Leaving out any pictures, print the entries that follow exactly as they stand.

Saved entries
+---+

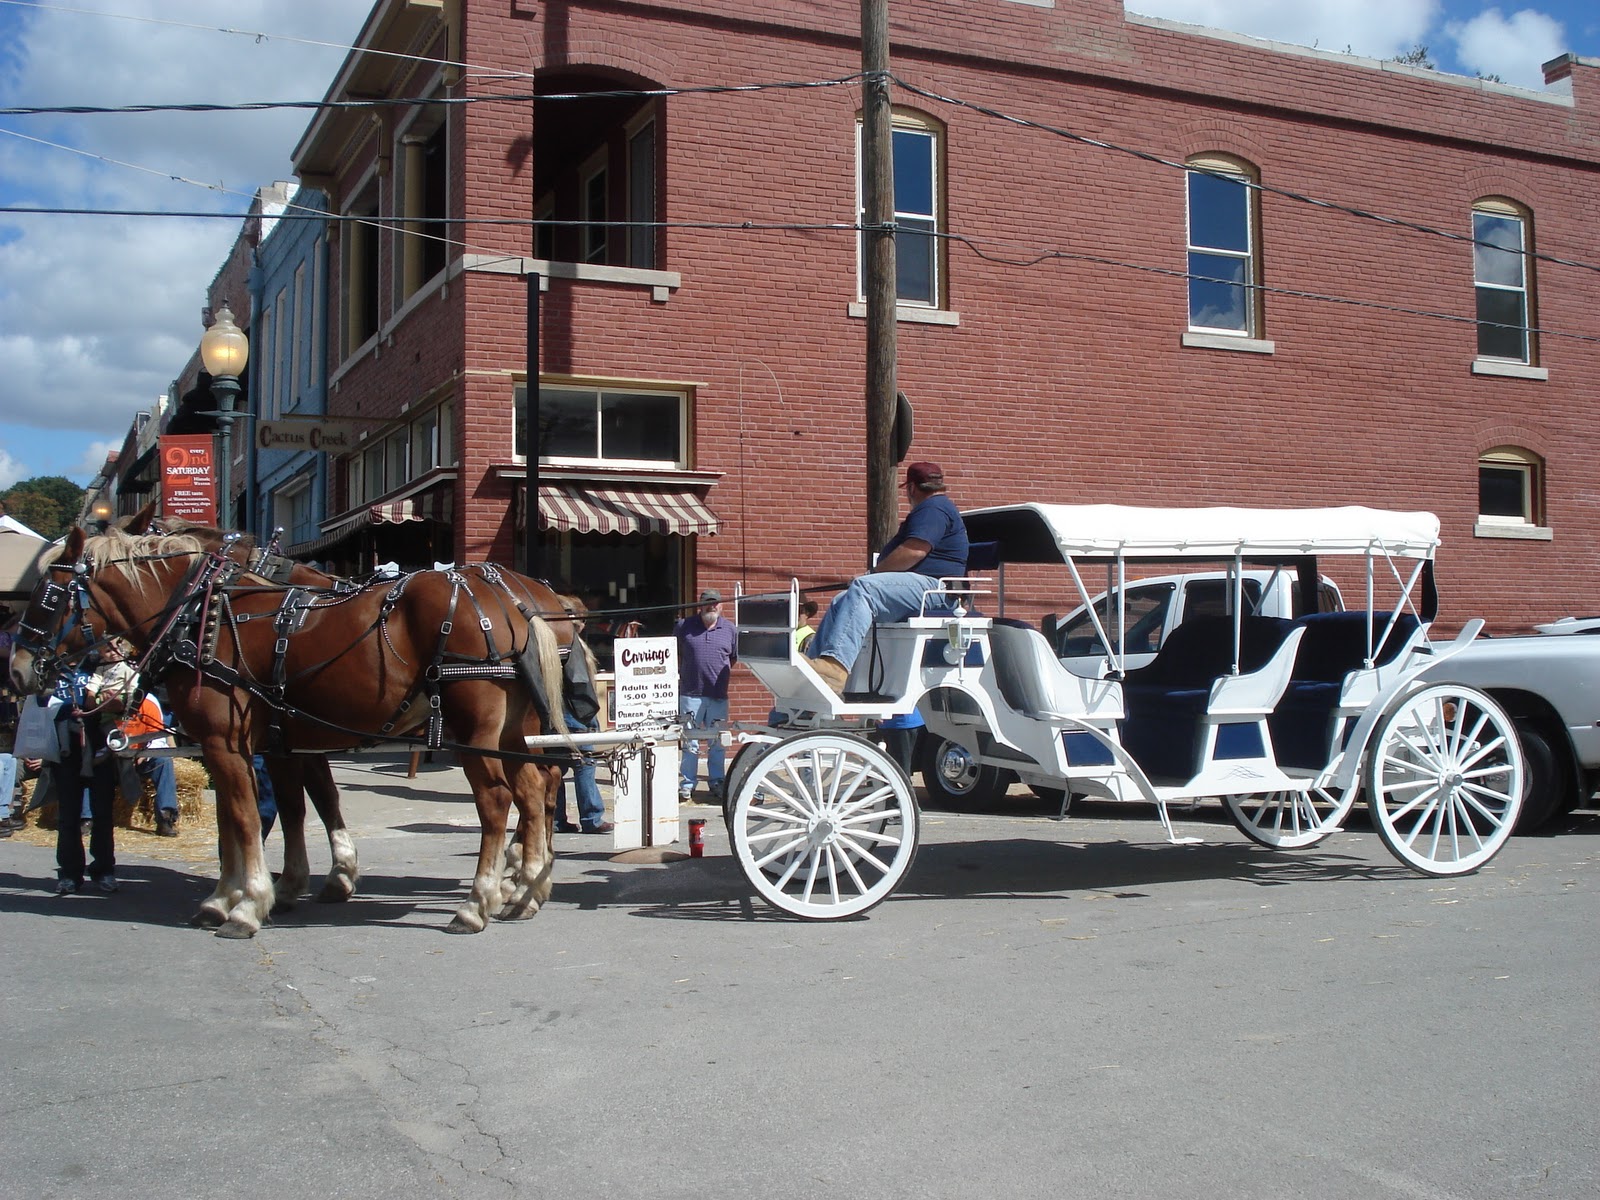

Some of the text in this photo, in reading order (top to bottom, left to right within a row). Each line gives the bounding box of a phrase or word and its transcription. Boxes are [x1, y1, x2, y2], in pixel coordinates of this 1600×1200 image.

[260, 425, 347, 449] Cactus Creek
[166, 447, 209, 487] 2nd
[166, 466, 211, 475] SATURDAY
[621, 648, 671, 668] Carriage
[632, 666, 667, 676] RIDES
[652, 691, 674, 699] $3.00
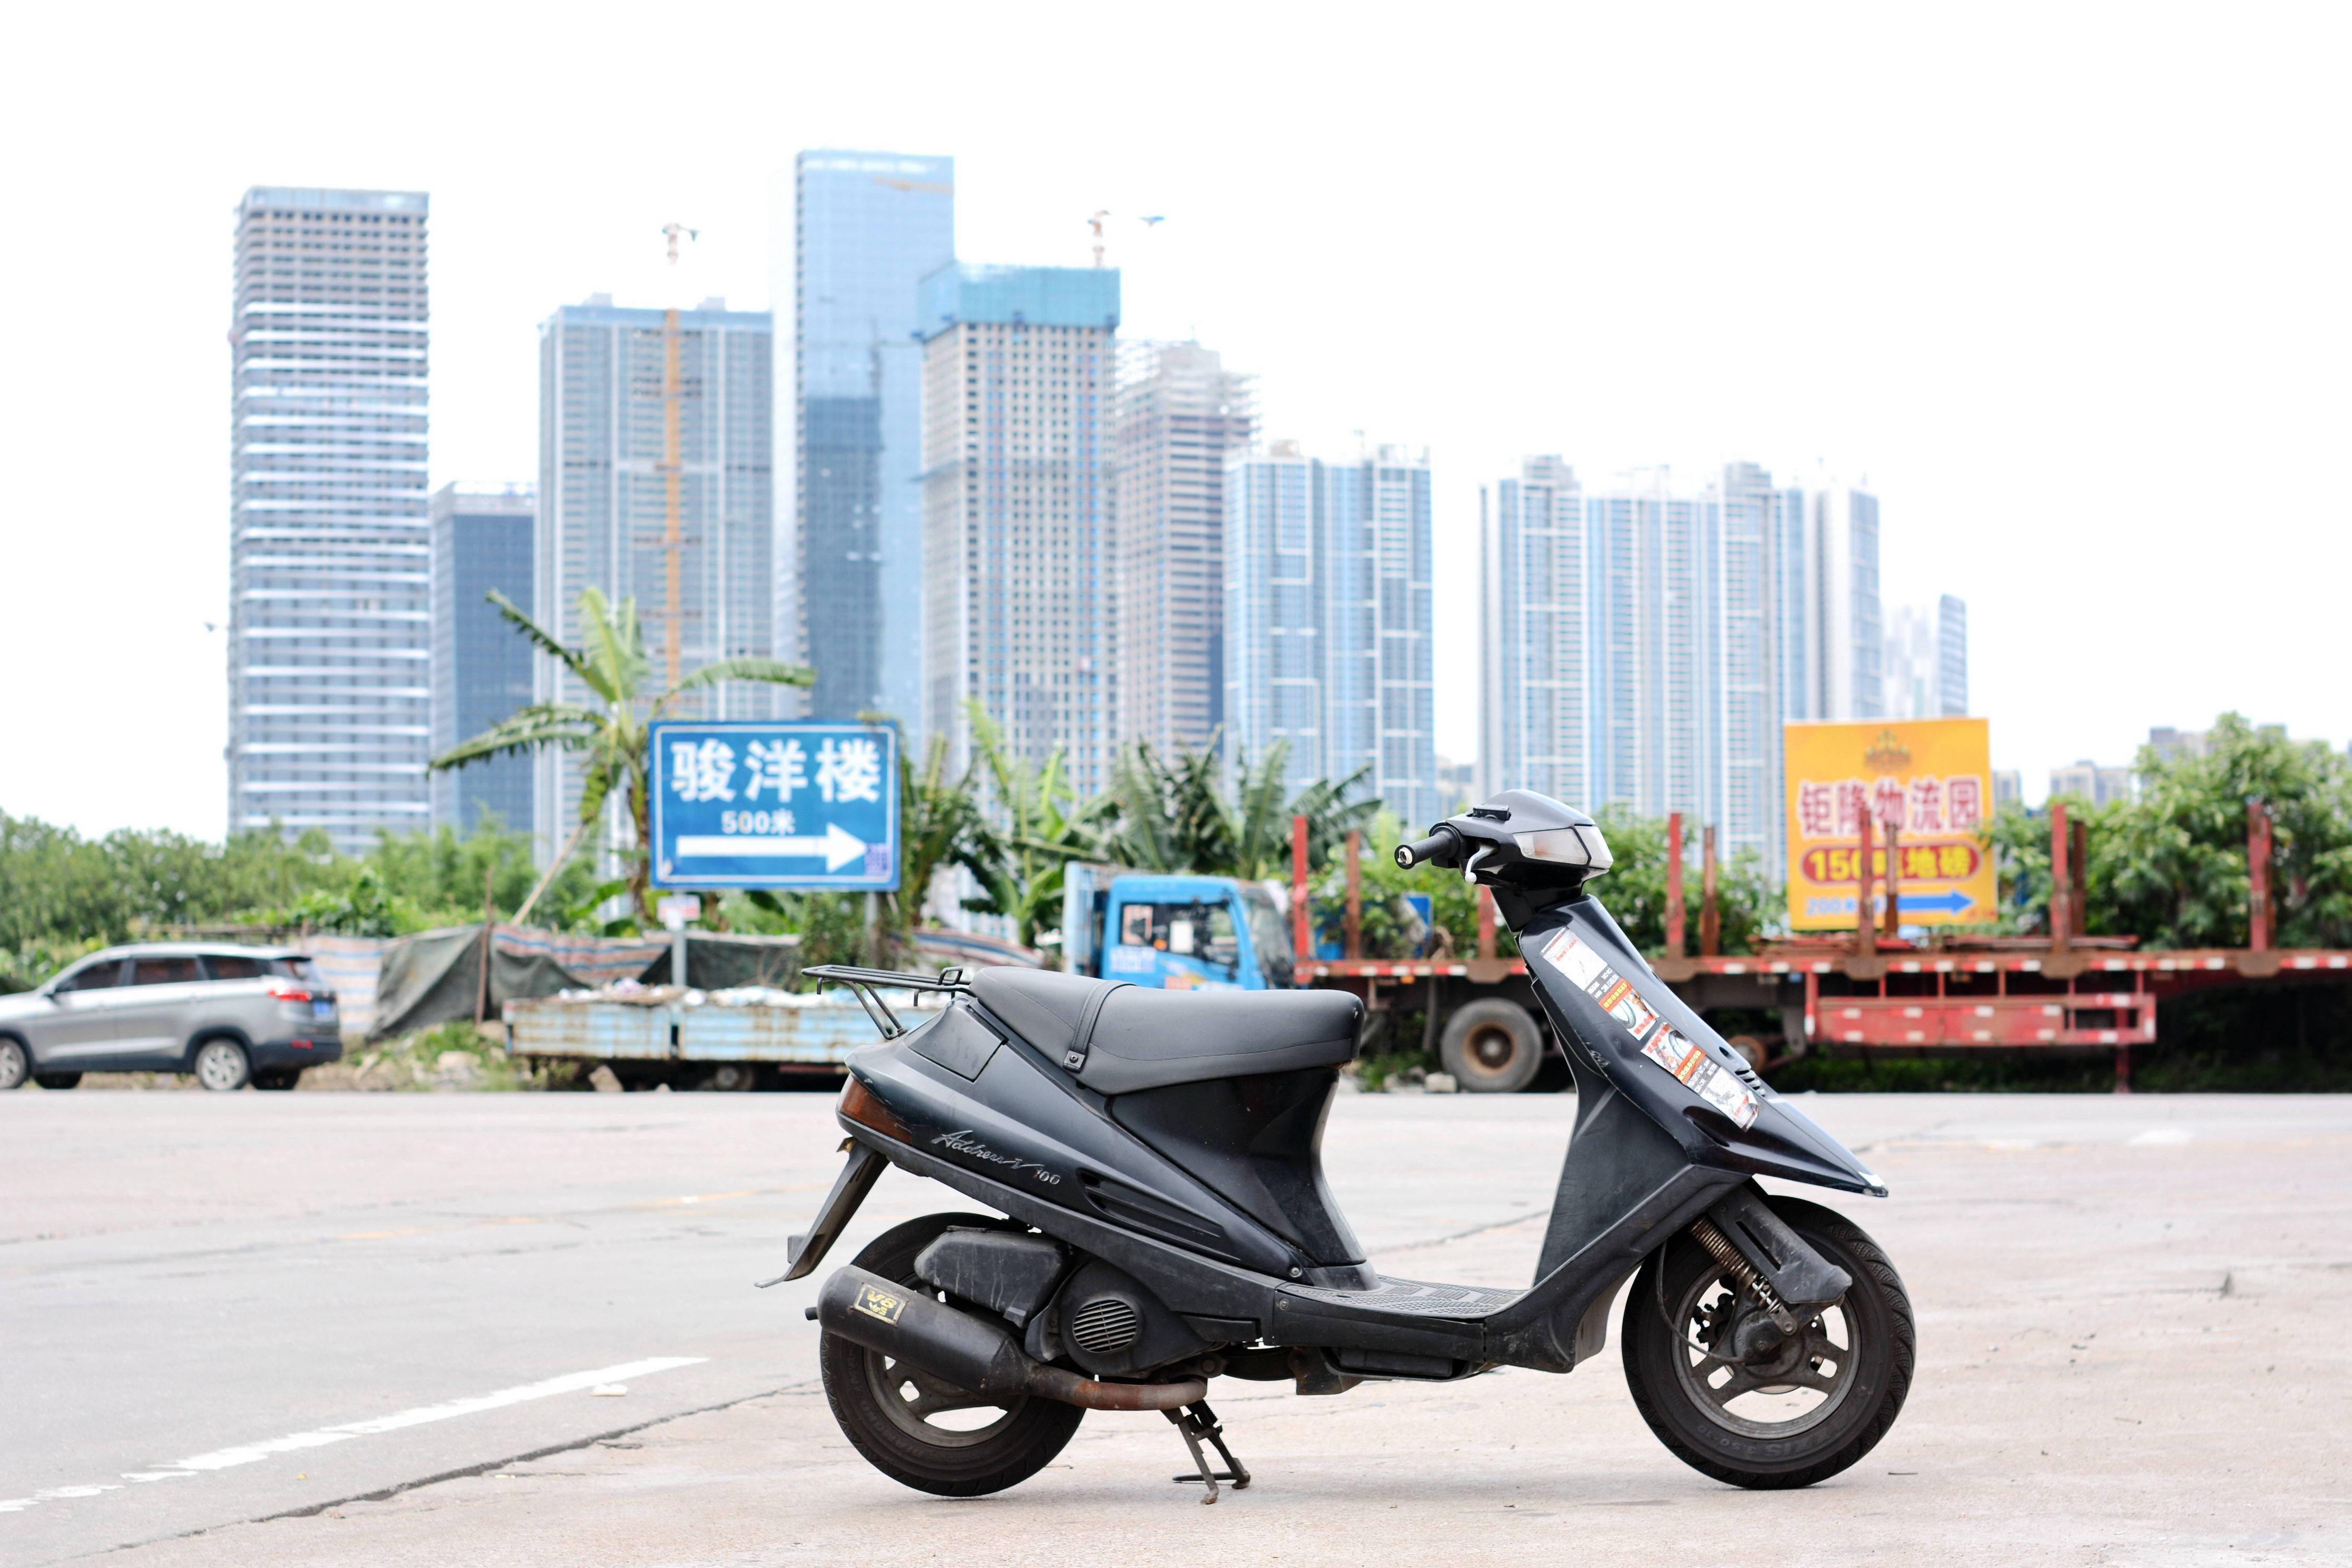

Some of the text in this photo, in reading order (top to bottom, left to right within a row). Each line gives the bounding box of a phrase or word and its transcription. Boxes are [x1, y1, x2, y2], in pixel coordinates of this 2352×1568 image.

+---+

:: Problem solution ::
Some of the text in this photo, in reading order (top to bottom, left to right within a row). Each line gives the bounding box of a phrase or word and its transcription. Boxes are [x1, y1, x2, y2], in pixel coordinates of this 1600×1200 image.

[260, 425, 347, 449] Cactus Creek
[166, 447, 209, 487] 2nd
[166, 466, 211, 475] SATURDAY
[621, 648, 671, 668] Carriage
[632, 666, 667, 676] RIDES
[652, 691, 674, 699] $3.00

Some of the text in this photo, in reading order (top to bottom, left to right within a row). Each line gives the bounding box of a phrase or word and its transcription. Boxes are [x1, y1, x2, y2], in pixel coordinates of this 2352×1568 image.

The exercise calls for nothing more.